Astrothelium pallidoflavum

Scientific classification
- Kingdom: Fungi
- Division: Ascomycota
- Class: Dothideomycetes
- Order: Trypetheliales
- Family: Trypetheliaceae
- Genus: Astrothelium
- Species: A. pallidoflavum
- Binomial name: Astrothelium pallidoflavum Flakus & Aptroot (2016)

= Astrothelium pallidoflavum =

- Authority: Flakus & Aptroot (2016)

Species of lichen

Astrothelium pallidoflavum is a species of corticolous (bark-dwelling) lichen in the family Trypetheliaceae.

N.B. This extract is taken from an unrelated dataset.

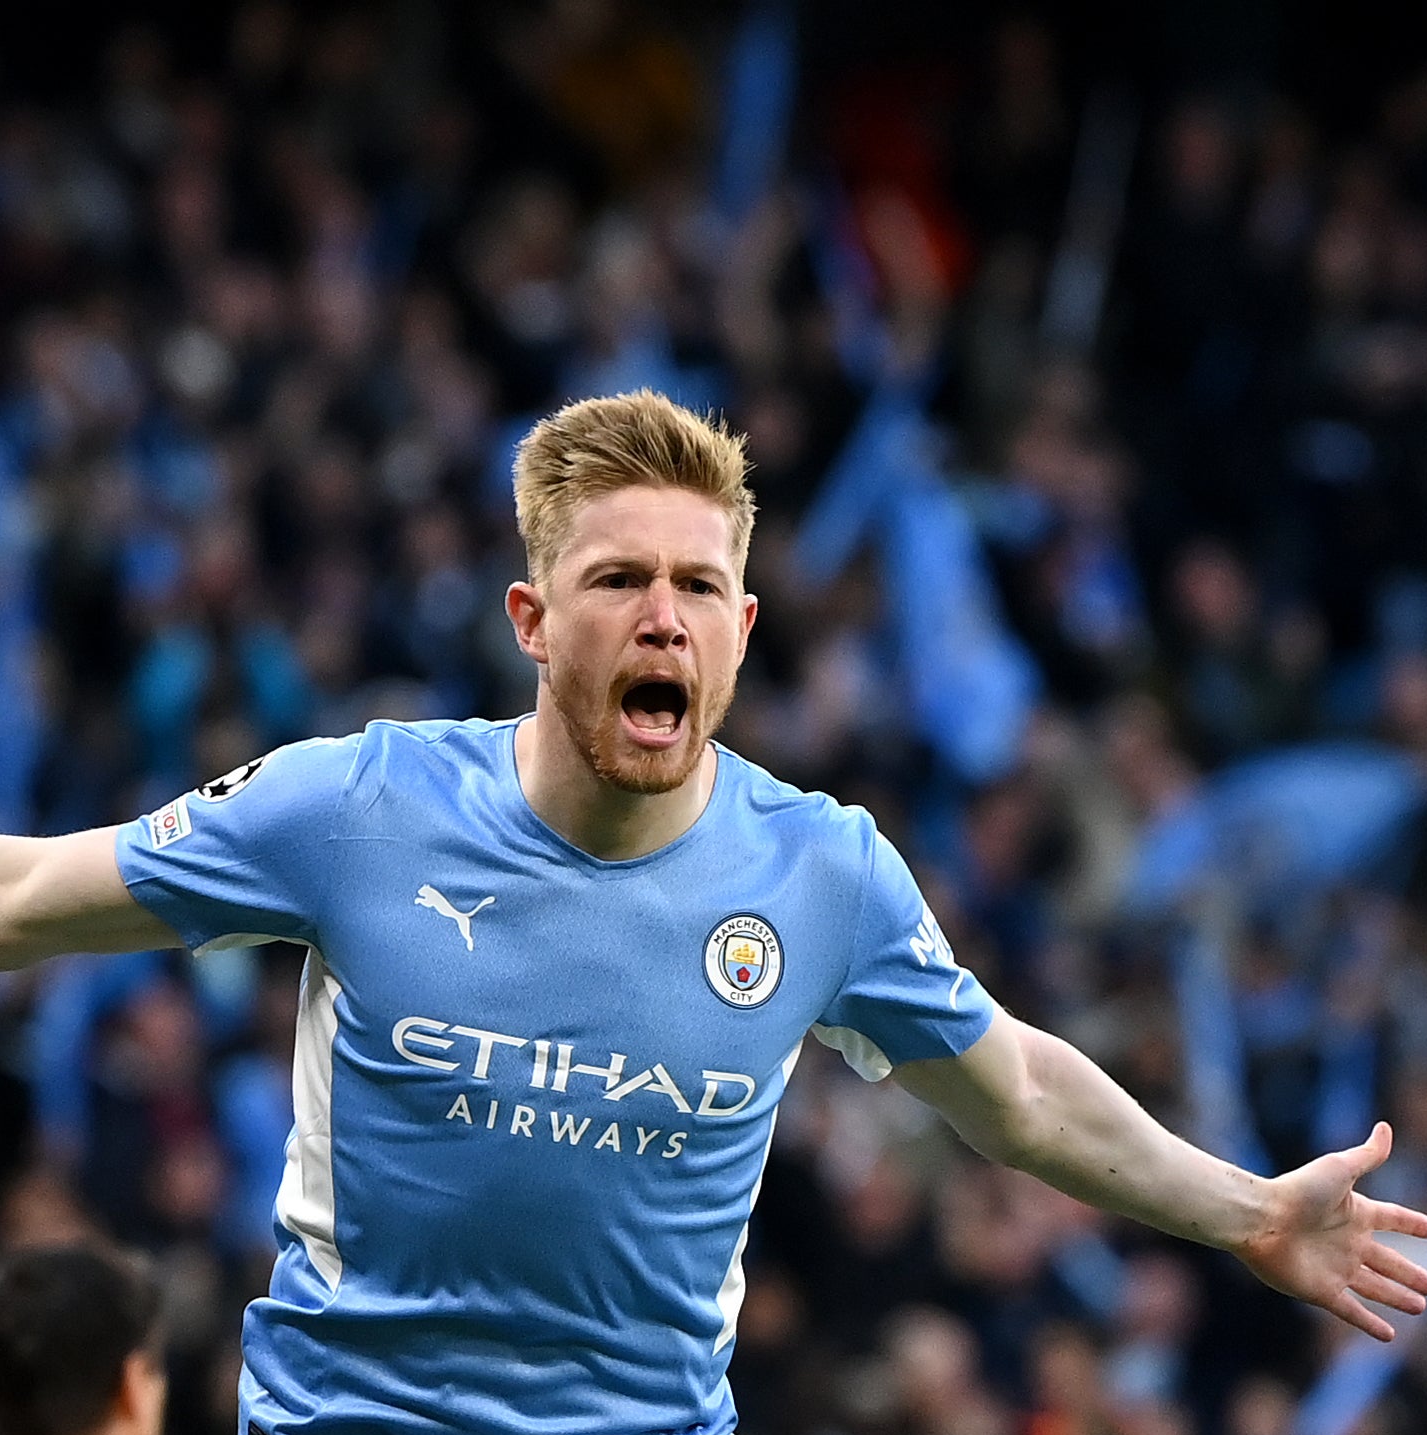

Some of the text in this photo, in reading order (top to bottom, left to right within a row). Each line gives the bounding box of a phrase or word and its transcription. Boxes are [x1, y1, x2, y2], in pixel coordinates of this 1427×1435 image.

Found in Bolivia, it was formally described as a new species in 2016 by lichenologists Adam Flakus and André Aptroot. The type specimen was collected from Noel Kempff Mercado National Park (José Miguel de Velasco Province, Santa Cruz Department) at an altitude of 220 m; there, in a Beni savanna with trees, the lichen was found growing on bark. It is only known to occur at the type locality. The species epithet refers to the characteristic pale yellow colour of the pseudostromata. Astrothelium pallidoflavum is similar to A. cinnamomeum, but has larger ascospores (27–30 by 10–12 μm) than that species.